II. Verifica-se essa contradição quando a Relação, alterando a decisão da matéria de facto, considerou “provado” que “o BPN garantia o pagamento destas obrigações da SLN”, mantendo intacto o segmento no qual se considerava “não provado” que “antes de o A. subscrever a obrigação, o funcionário do BPN disse-lhe que a aplicação tinha capital garantido pelo BPN”.

III. A decisão da matéria de facto deve retratar, de forma clara, a realidade que se considera provada, o que designadamente fica prejudicado com a utilização de expressões polissémicas, geradoras de obscuridade, por falta de contextualização.

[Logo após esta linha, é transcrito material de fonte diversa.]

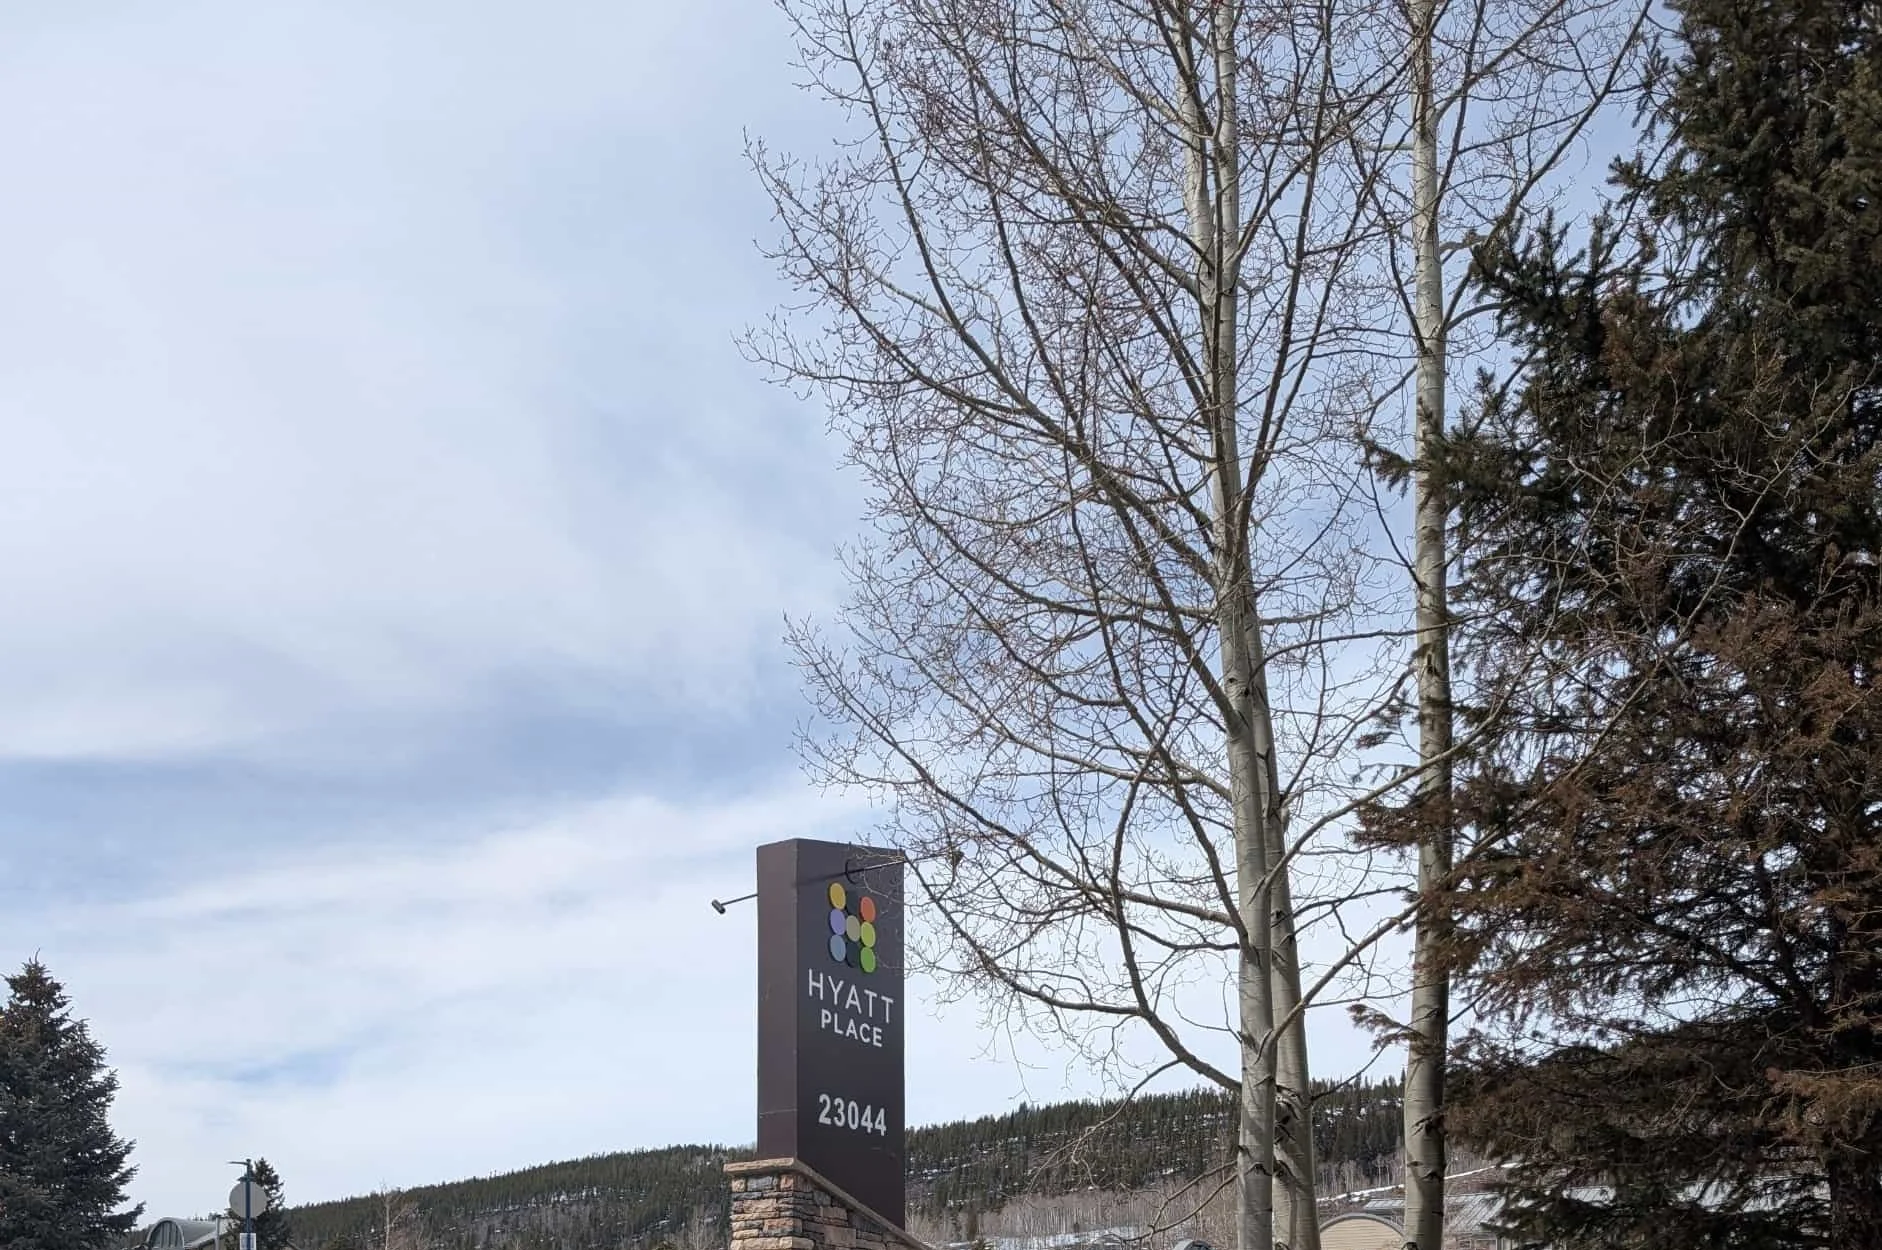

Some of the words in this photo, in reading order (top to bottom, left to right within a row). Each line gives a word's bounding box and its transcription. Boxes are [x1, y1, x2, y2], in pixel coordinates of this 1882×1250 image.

[808, 967, 894, 1024] HYATT
[821, 1008, 883, 1048] PLACE
[818, 1093, 887, 1137] 23044
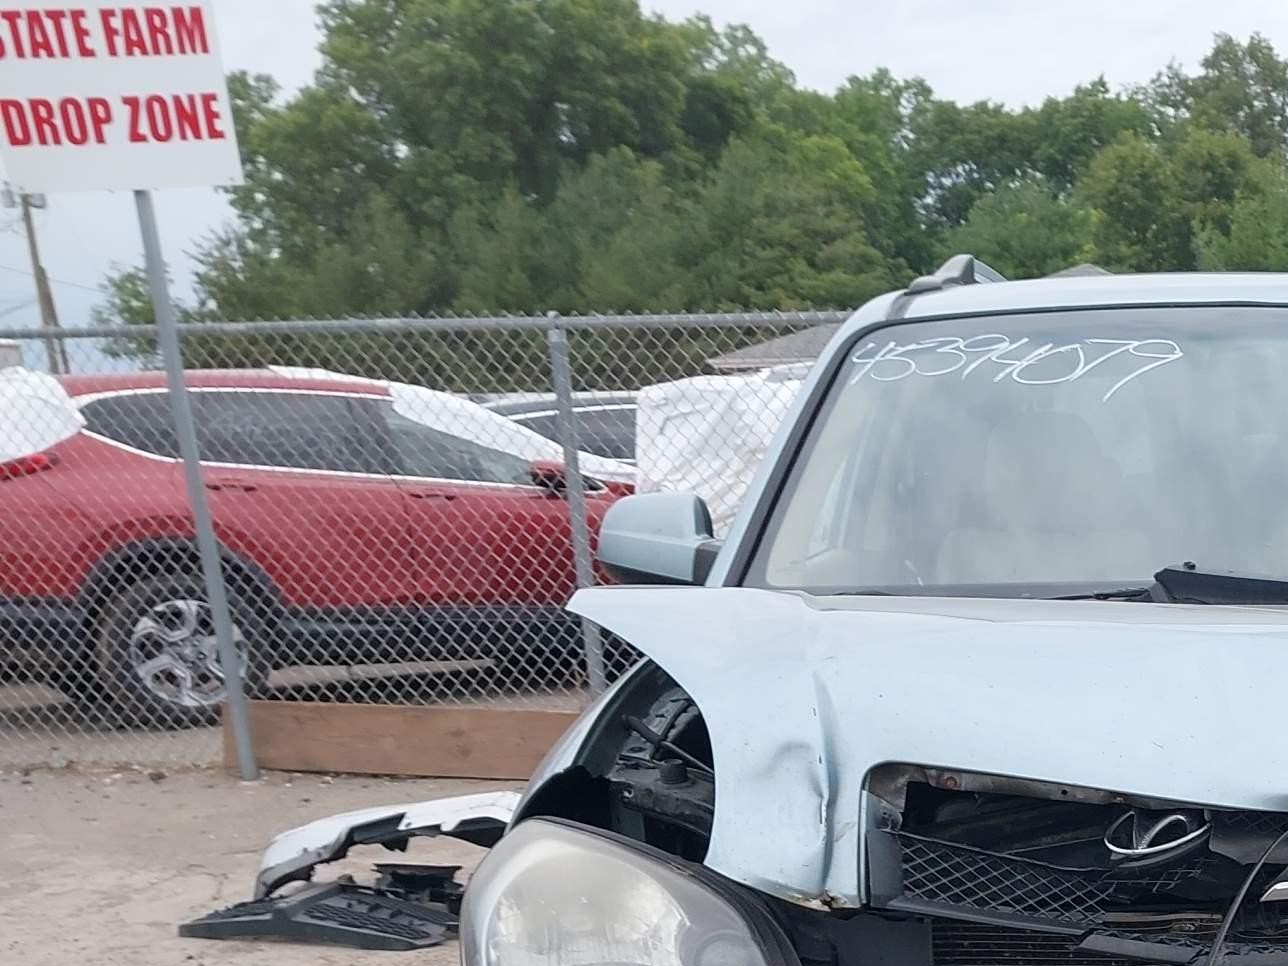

IV. Num contexto em que, além do mais, se alegou que o “gerente do Banco R. disse ao A. que tinha uma aplicação em tudo igual a um depósito a prazo e com capital garantido pelo BPN e com rentabilidade assegurada” e que o que “motivou a autorização, por parte do A., foi o facto de lhe ter sido dito pelo gerente que o capital era garantido pelo Banco R.”, atuando “convicto de que estava a colocar o seu dinheiro numa aplicação segura e com as características de um depósito a prazo, por isso, num produto com risco exclusivamente do Banco R.”, é deficiente, por obscuridade decorrente da falta de contextualização, a decisão de facto que, a esse respeito, se limita a considerar provado que “o BPN garantia o pagamento destas obrigações da SLN”.

Decisão Texto Integral:
I - AA e BB intentaram ação declarativa contra BANCO CC, S.A., pedindo:

a) A condenação do R. a pagar-lhes o valor do capital e juros vencidos e garantidos, no montante de e 57.000,00 à data da instauração da ação, com juros vincendos desde a citação até integral pagamento.

Subsidiariamente pediram:

b) A declaração de nulidade de qualquer eventual contrato de adesão que o R. invoque para ter aplicado os € 50.000,00 que os AA. lhe entregaram em obrigações subordinadas SLN 2006;

c) Que seja declarada ineficaz em relação aos AA. a aplicação que o R. tenha feito desses montantes;

d) A condenação do R. a restituir aos AA. € 57.000,00 que ainda não receberam dos montantes que entregaram ao R. e de juros vencidos à taxa contratada, acrescidos de juros legais vincendos, desde a data da citação até integral cumprimento;

Cumulativamente pediram:

e) A condenação do R. a pagar-lhes a quantia de € 3.000,00 a título de dano não patrimonial.  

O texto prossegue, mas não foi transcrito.